Here are some improvements researchers are working on:
Typically, lithium ion batteries contain graphite anode materials. But researchers are developing silicon particles as a more productive replacement for graphite. California-based Sila Nanotechnologies thinks this technology will appear in the market within the next year.
“An atom of silicon can store about 20 times more lithium than atoms of carbon,” says Gene Berdichevsky, CEO of Sila Nanotechnologies.
“Essentially, it takes fewer atoms to store the lithium, so you can have a smaller volume of material storing the same amount of energy” as a typical graphite material. He said his company will launch its first battery product for the consumer market early next year. Berdichevsky expects to see 20% boost in battery life over traditional lithium ion batteries when the battery is launched.
Soon after hitting the market in the late 80s, batteries made with lithium metal caused enough commotions to warrant a massive recall. However, according to some experts, lithium metal batteries have been relishing some new-found interest over the past 5 years. Emerging novel designs use lithium metal for the negative anode of the battery instead of graphite, allowing the battery to hold a greater charge.
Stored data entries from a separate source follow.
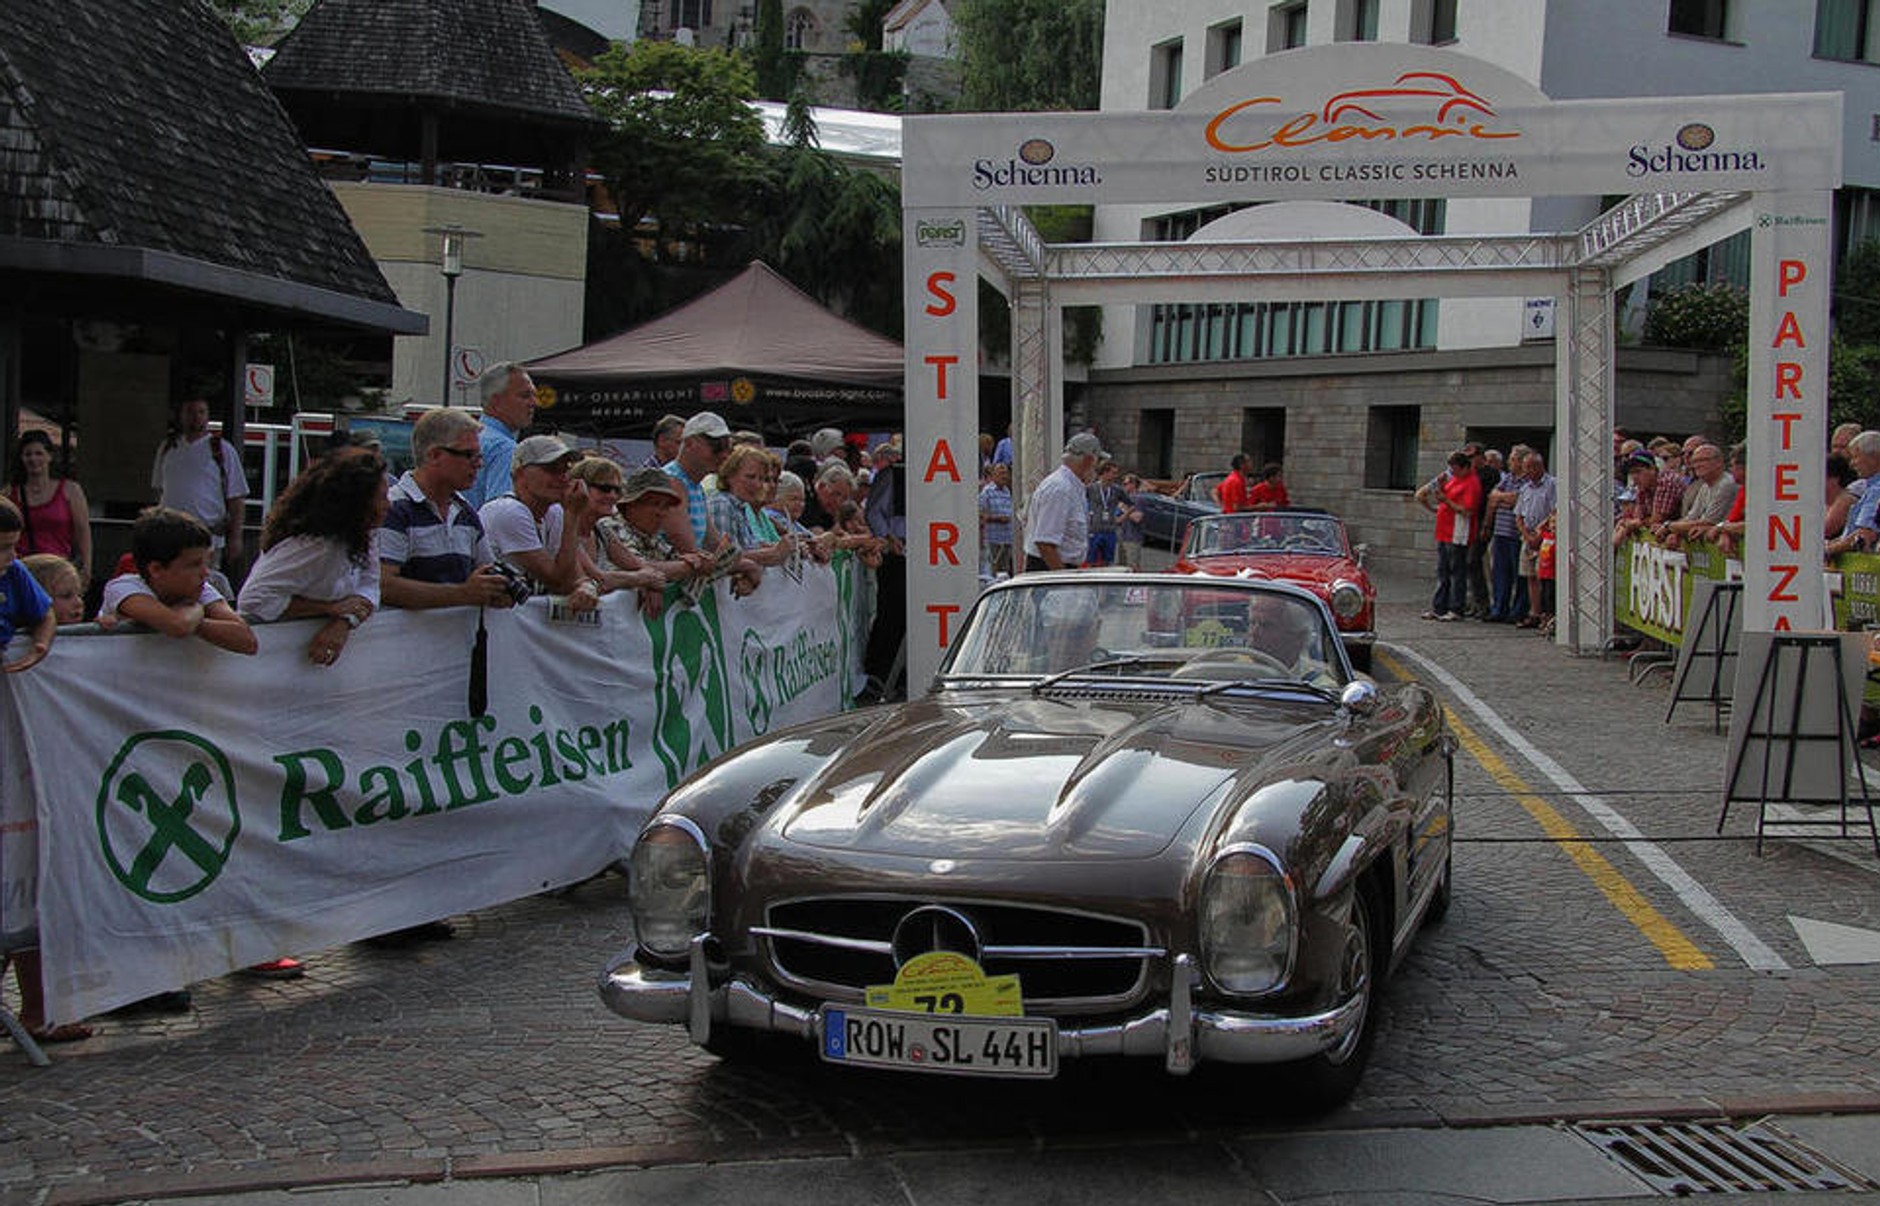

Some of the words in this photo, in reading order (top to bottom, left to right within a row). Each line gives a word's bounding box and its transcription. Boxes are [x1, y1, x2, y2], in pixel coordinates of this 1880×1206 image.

[1206, 166, 1311, 183] SÜDTIROL
[1320, 164, 1404, 181] CLASSIC
[1414, 162, 1518, 180] SCHENNA
[923, 271, 961, 648] START
[273, 704, 634, 842] Raiffeisen
[846, 1018, 905, 1058] ROW
[932, 1027, 973, 1064] SL
[982, 1030, 1048, 1067] 44H
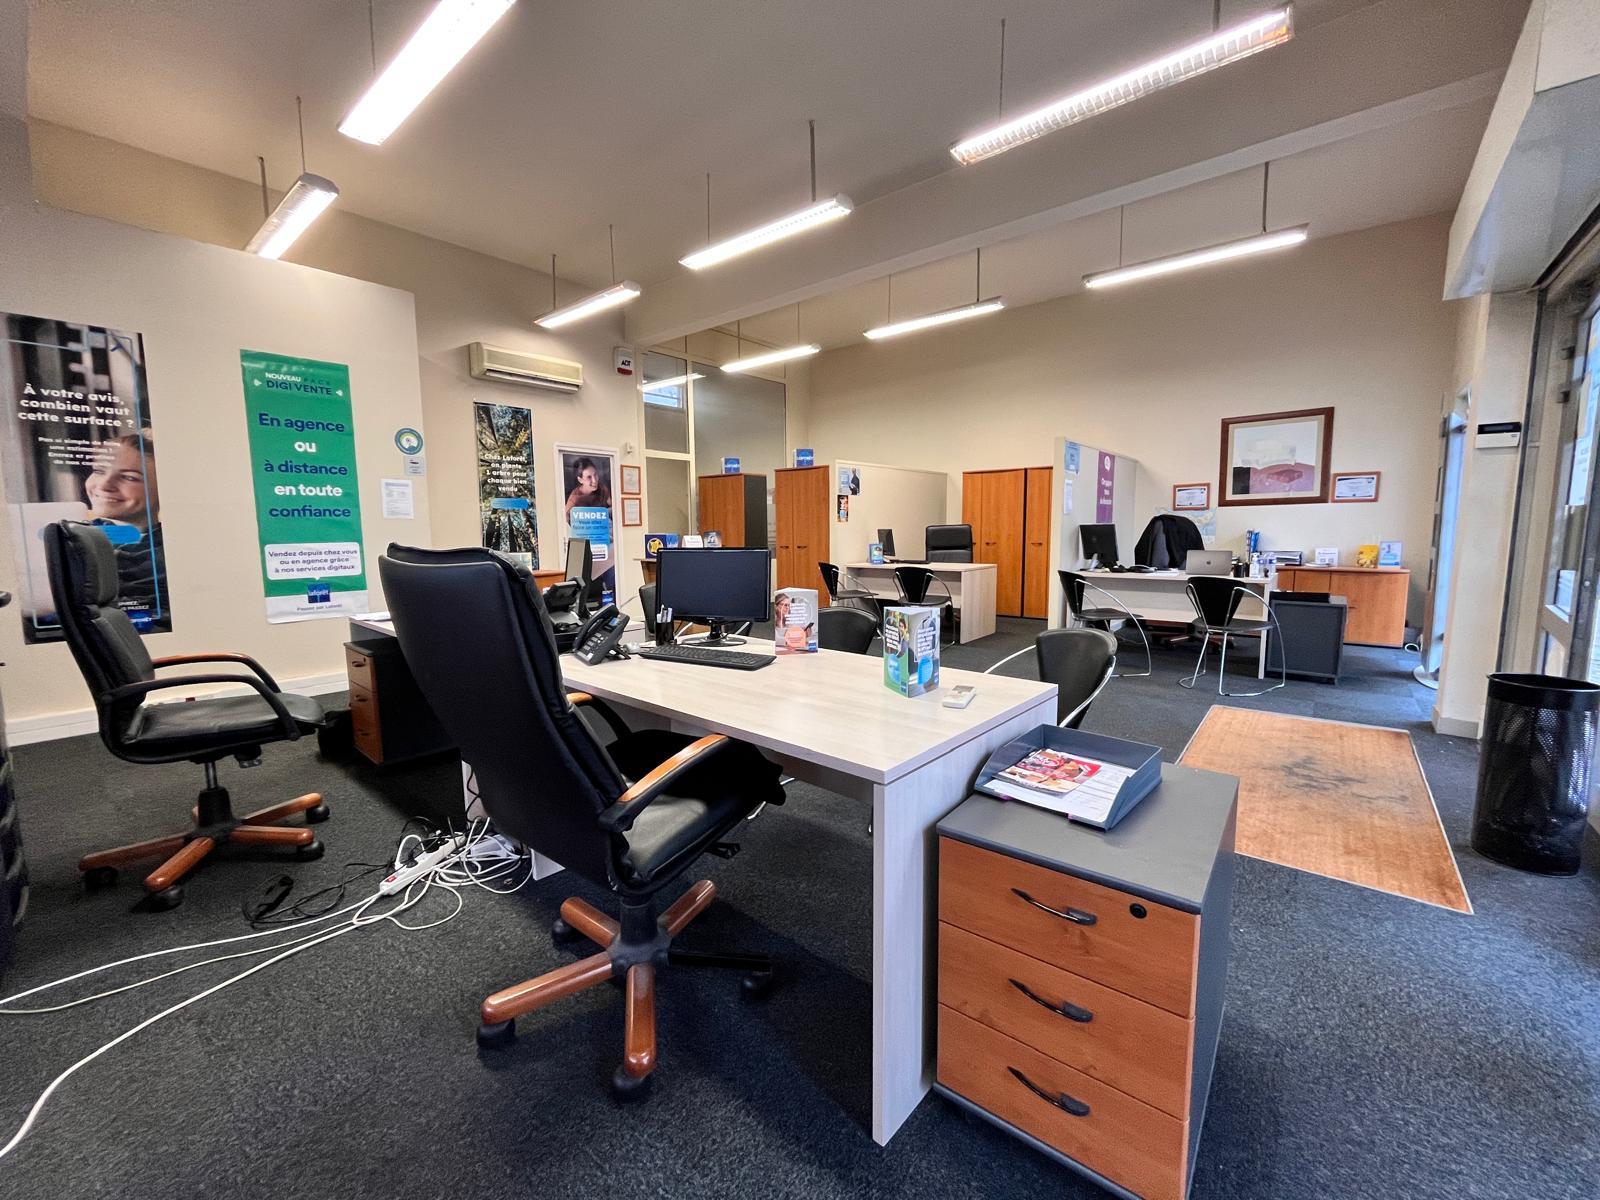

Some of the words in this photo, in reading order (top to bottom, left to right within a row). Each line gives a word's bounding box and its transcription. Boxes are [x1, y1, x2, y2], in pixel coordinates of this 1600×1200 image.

[265, 372, 301, 382] NOUVEAU
[24, 382, 36, 395] À
[40, 388, 83, 400] votre
[88, 393, 124, 405] avis,
[266, 380, 292, 390] DIGI
[295, 384, 332, 395] VENTE
[20, 399, 91, 412] combien
[96, 406, 130, 416] vaut
[18, 412, 59, 422] cette
[64, 415, 122, 427] surface
[126, 420, 134, 429] ?
[258, 412, 280, 427] En
[284, 418, 345, 432] agence
[294, 442, 316, 452] ou
[264, 460, 274, 472] à
[278, 460, 348, 475] distance
[274, 485, 296, 496] en
[298, 484, 343, 496] toute
[269, 505, 351, 518] confiance
Heavy-duty battery users sometimes use lithium metal and solid state interchangeably, since they can apply to different parts of a battery and co-exist within the same battery structure. And, like their lithium metal counterpart solid metal batteries have been generating an increasing amount of attention in recent years because of their potential use in Electric Vehicles (EV). A solid state battery replaces either the battery’s electrodes, its liquid electrolyte, or both, with some type of solid like ceramic or glass.
Again, that doesn’t mean we’ll see solid state batteries flooding the market anytime soon. Last year Toyota admitted it was having issues developing high-capacity solid state batteries.